Ci parli del disagio che vivono le persone malate di cancro. Come vivono la loro malattia, la loro nuova realtà? Il disagio è caratterizzato da un elevato livello di complessità. Questa è data da variabili quali aspetti caratteriali dell’individuo, autostima, abilità sociali, cultura dell’individuo e della famiglia, rete di sostegno sociale ed economico. Si tratta di variabili che si intrecciano per concorrere all’azione dello stato di adattamento alla vita quotidiana. La comunicazione della diagnosi di cancro è cruciale e non sempre avviene, per i modi impiegati, senza dolore per chi la riceve (vedi storia di Cristina pag. 63). I malati lamentano la difficoltà di essere ascoltati nel loro dolore, altri sono loro stessi che non accettano la situazione venutasi a creare, oppure vi sono casi in cui sono gli stessi famigliari a manifestare difficoltà e ad accettare la nuova condizione del parente. Colpisce molto la (apparente, a mio parere) indifferenza di amici e parenti denunciata spessissimo dai malati. Questa indifferenza che maschera una paura procura dolore e in alcuni casi è di ostacolo all’adesione terapeutica. Le emozioni non dette, non esplicitate sono un potente motore di malessere psicologico ma anche fisico. Fronteggiare una malattia non vuol dire non provare dolore. É impossibile. Fronteggiare vuol dire invece “spaventarsi ma non impaurirsi”, come fossimo dinnanzi ad un film horror* in cui l’emozione prodotta in noi esce da noi e rimane fuori da noi, per essere gestita. Ma per gestire l’emozione negativa è necessario essere sostenuti emotivamente, essere accompagnati a farlo, essere compresi, parlare liberamente delle proprie paure e poter tirar fuori le proprie emozioni. Io mi occupo di queste emozioni. Questo è il mio lavoro.

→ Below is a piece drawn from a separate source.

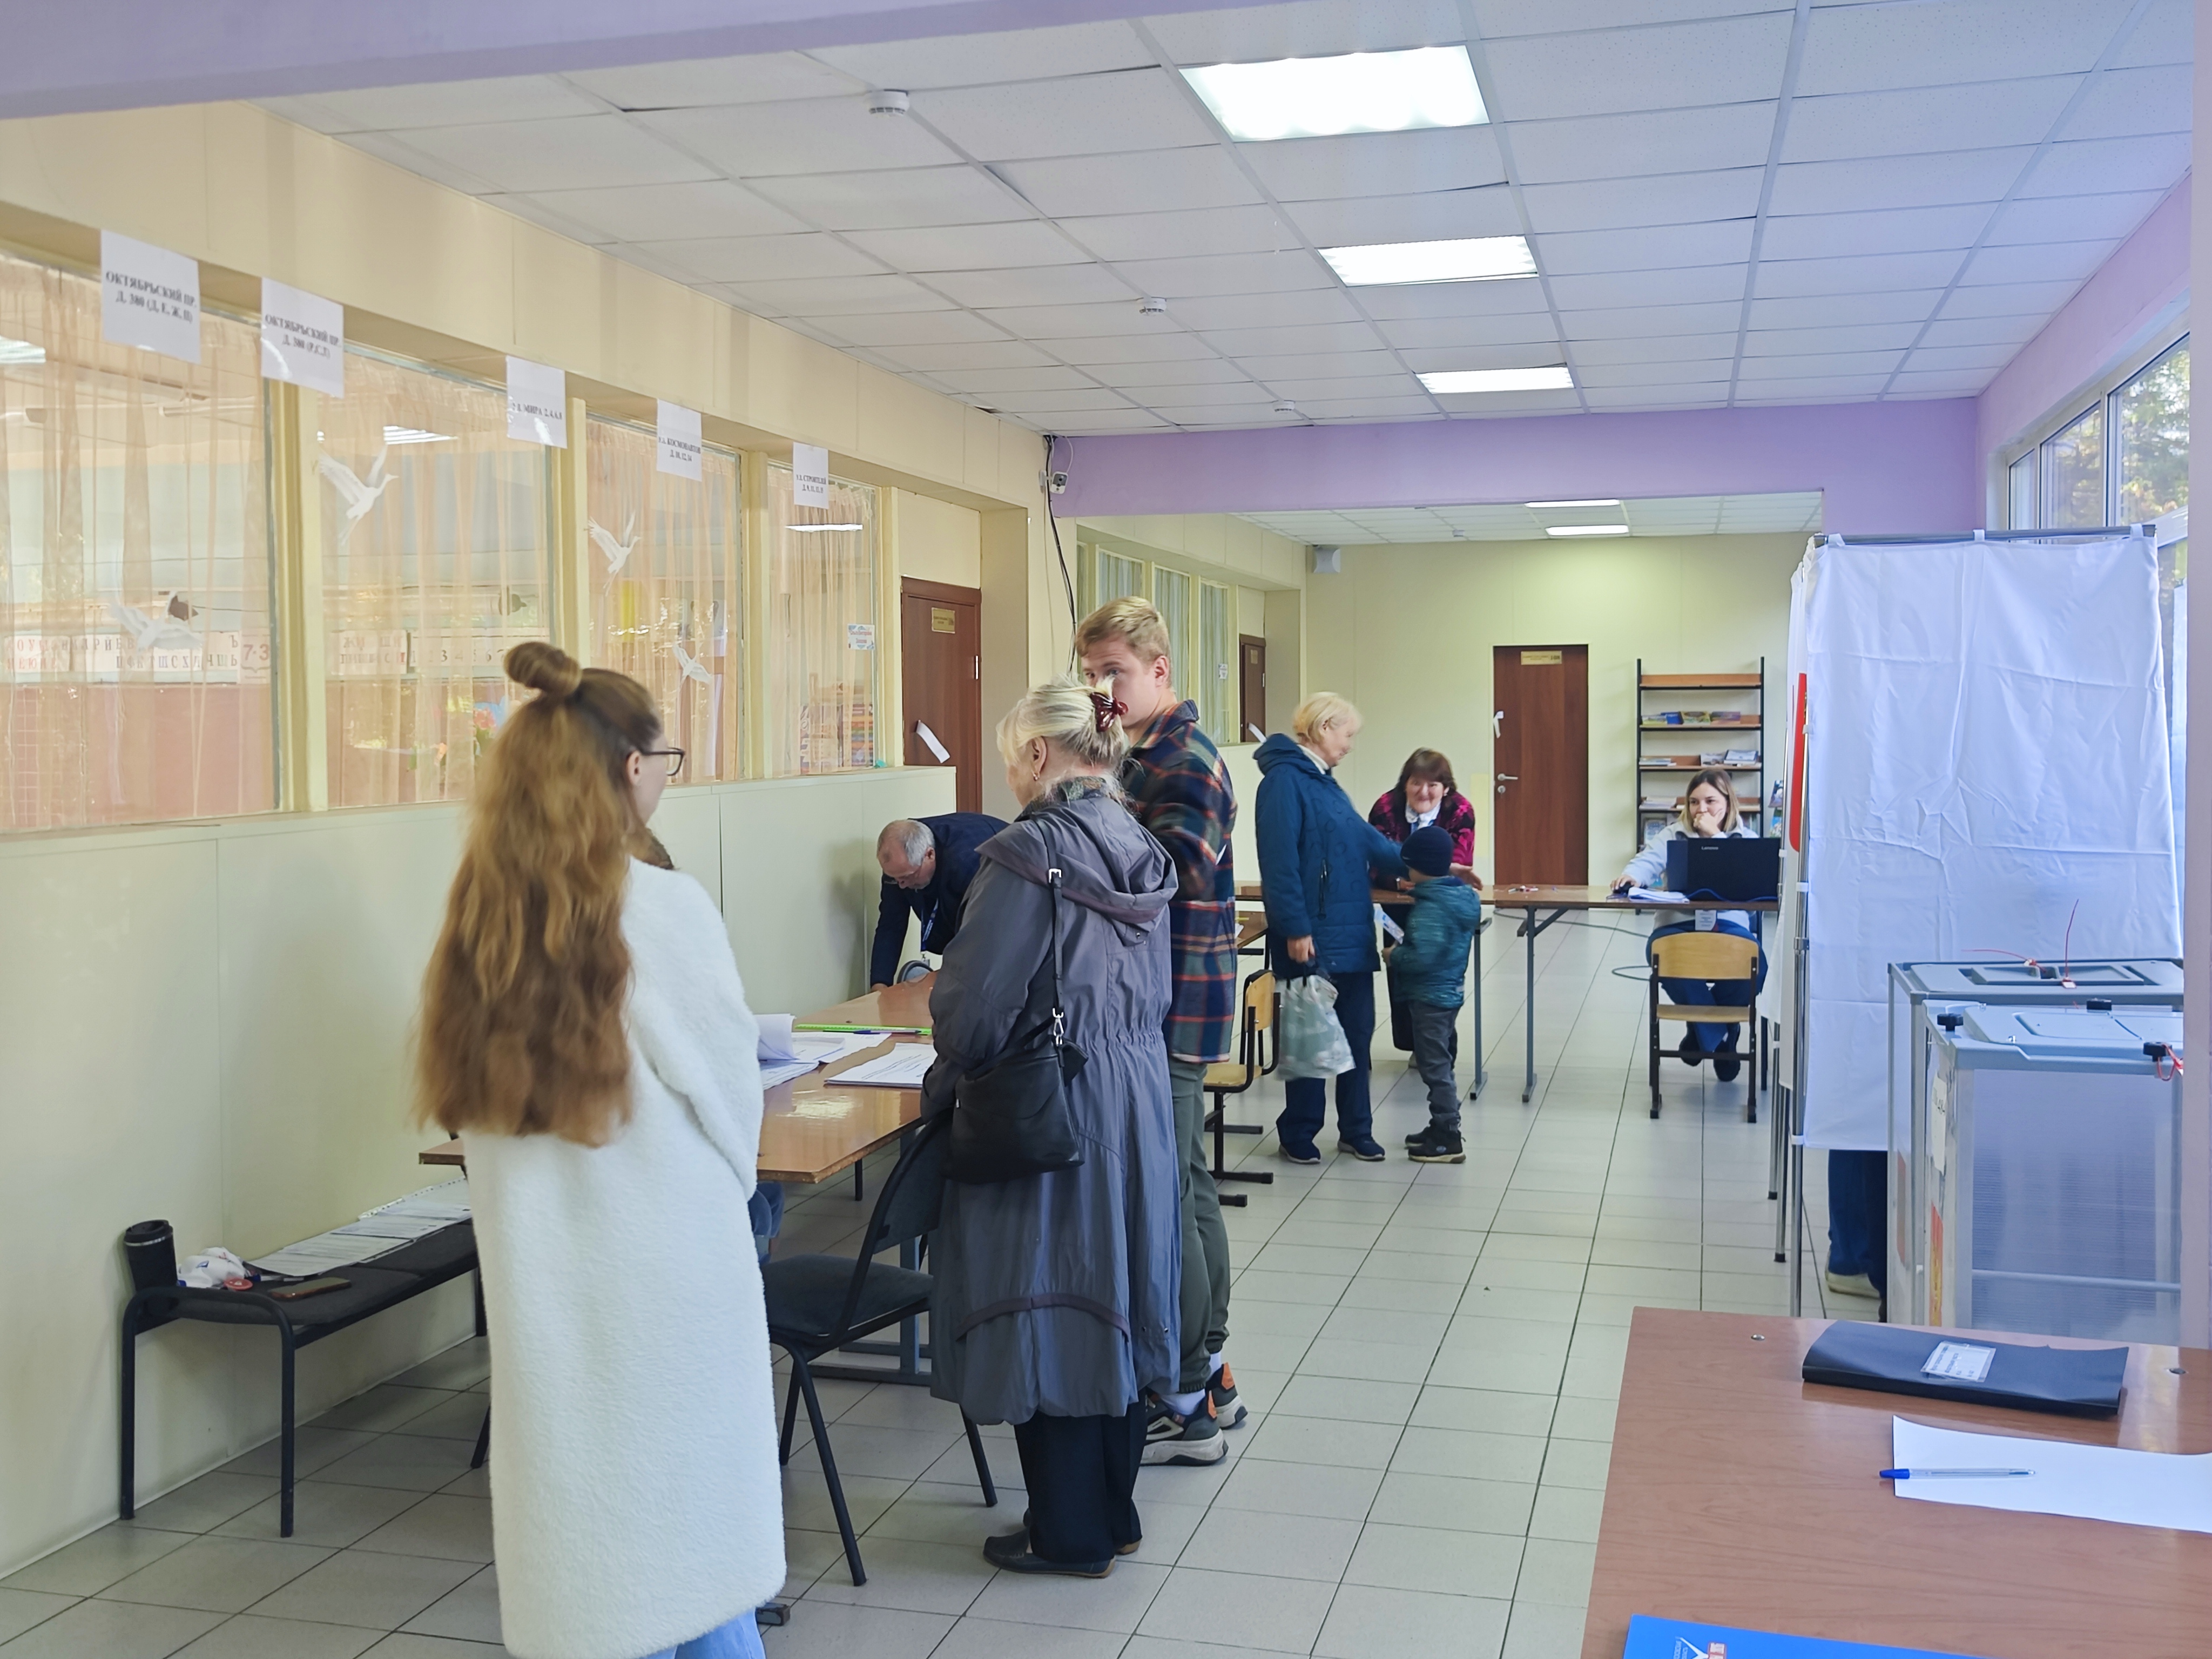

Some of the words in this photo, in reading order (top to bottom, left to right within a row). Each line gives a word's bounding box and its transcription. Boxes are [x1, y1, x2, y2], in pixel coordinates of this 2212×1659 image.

[106, 271, 182, 302] ОКТЯБРЬСКИЙ
[265, 314, 328, 342] ОКТЯБРЬСКИЙ
[524, 403, 543, 415] МИРА
[667, 437, 701, 454] КОСМОНАВТОВ

Ps: La bellissima metafora cinematografica* utilizzata da uno Psiconcologo, che ha in cura una mia carissima amica, credo renda bene l’idea.

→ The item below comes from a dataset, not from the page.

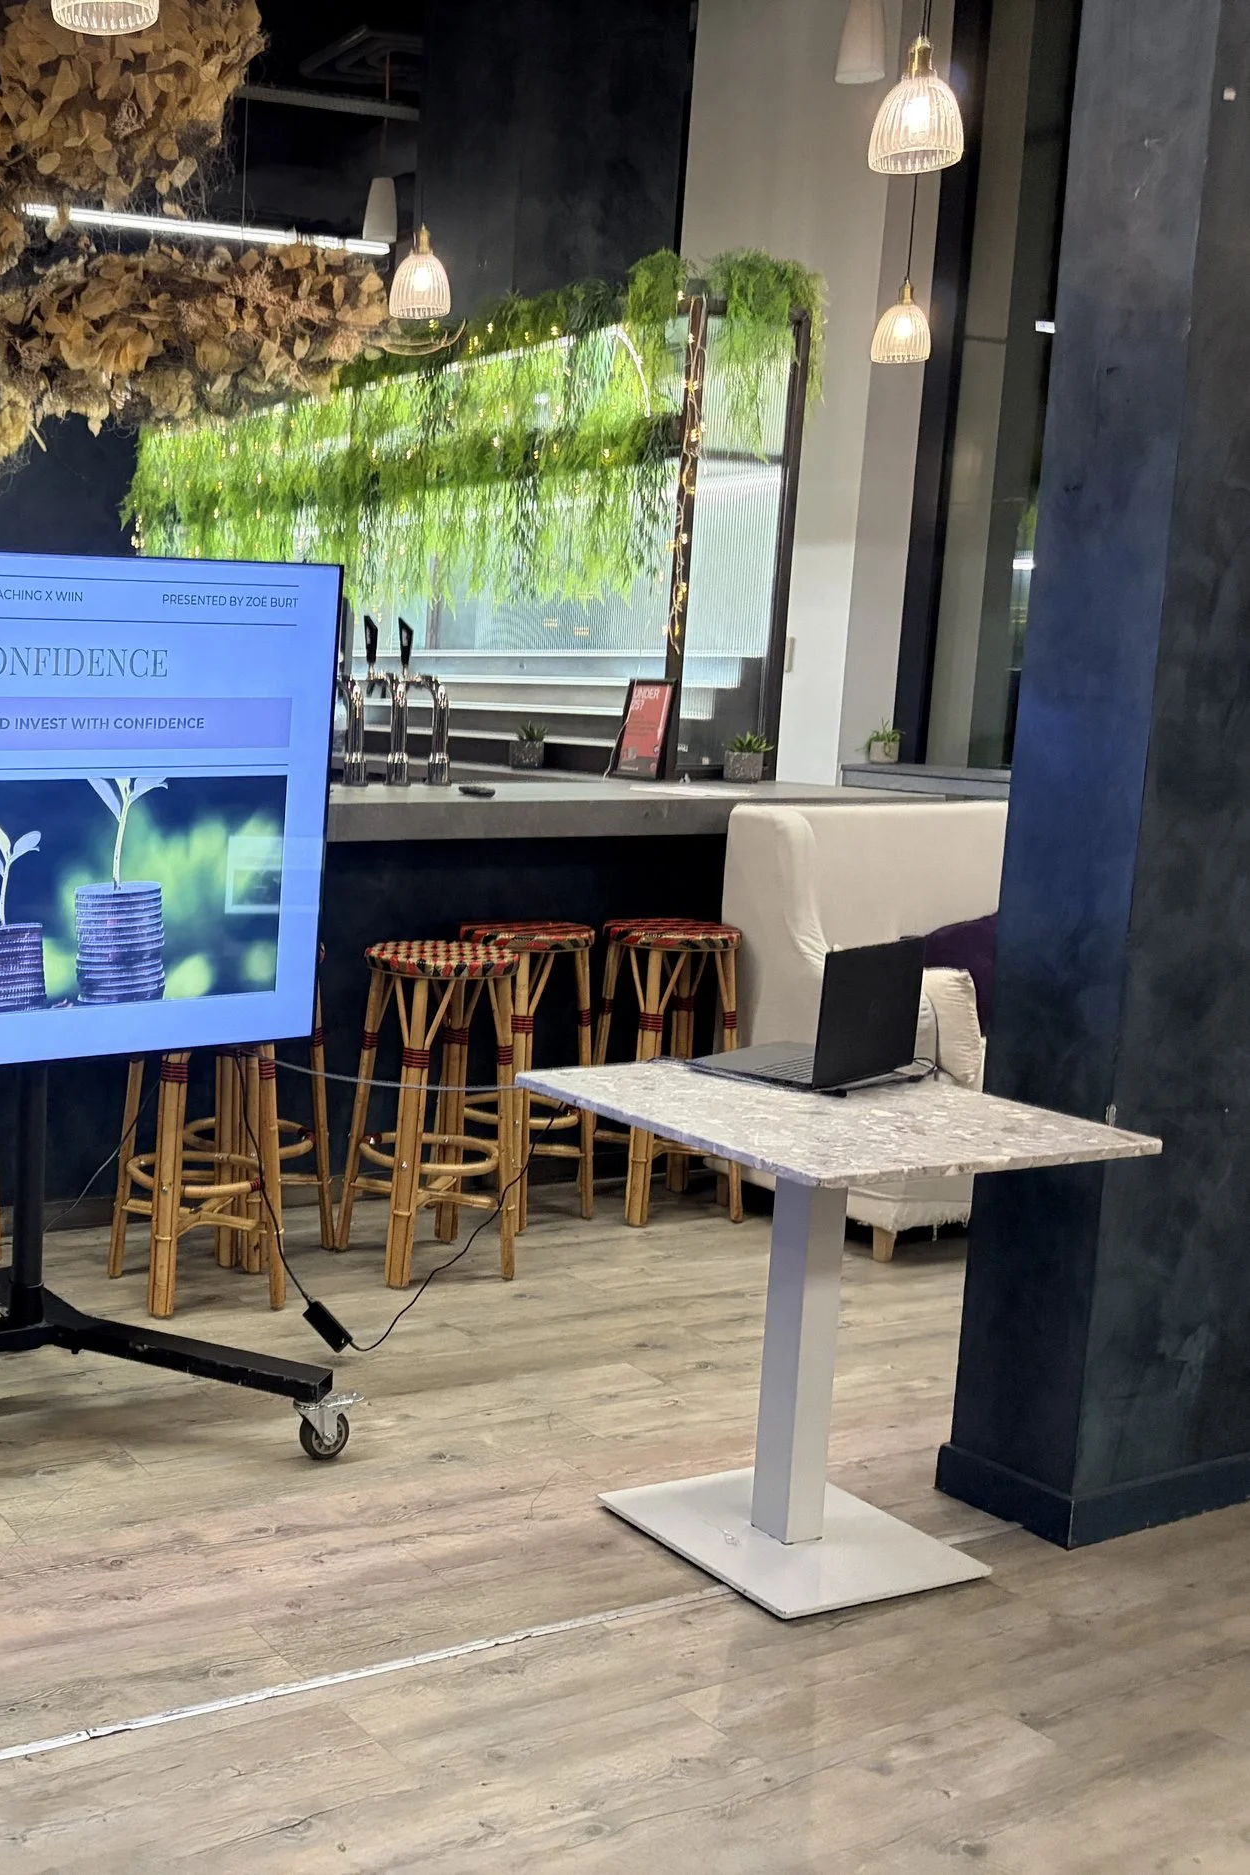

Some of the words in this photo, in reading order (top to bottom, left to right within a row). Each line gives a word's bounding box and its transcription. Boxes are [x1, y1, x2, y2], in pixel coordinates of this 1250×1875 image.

Pensa di scrivere un altro saggio su quest’argomento o passerà ad altro? Credo di sì. Sto raccogliendo altra esperienza. Non basta riportare la teoria quando si parla di disoccupazione e malattia. La realtà è molto più complessa di quanto sembri e forse descrivere la parte meno visibile agli occhi di chi non è coinvolto direttamente da questi fenomeni o lo è ma teme di raccontare, può essere di grande aiuto a tutti. A noi tutti.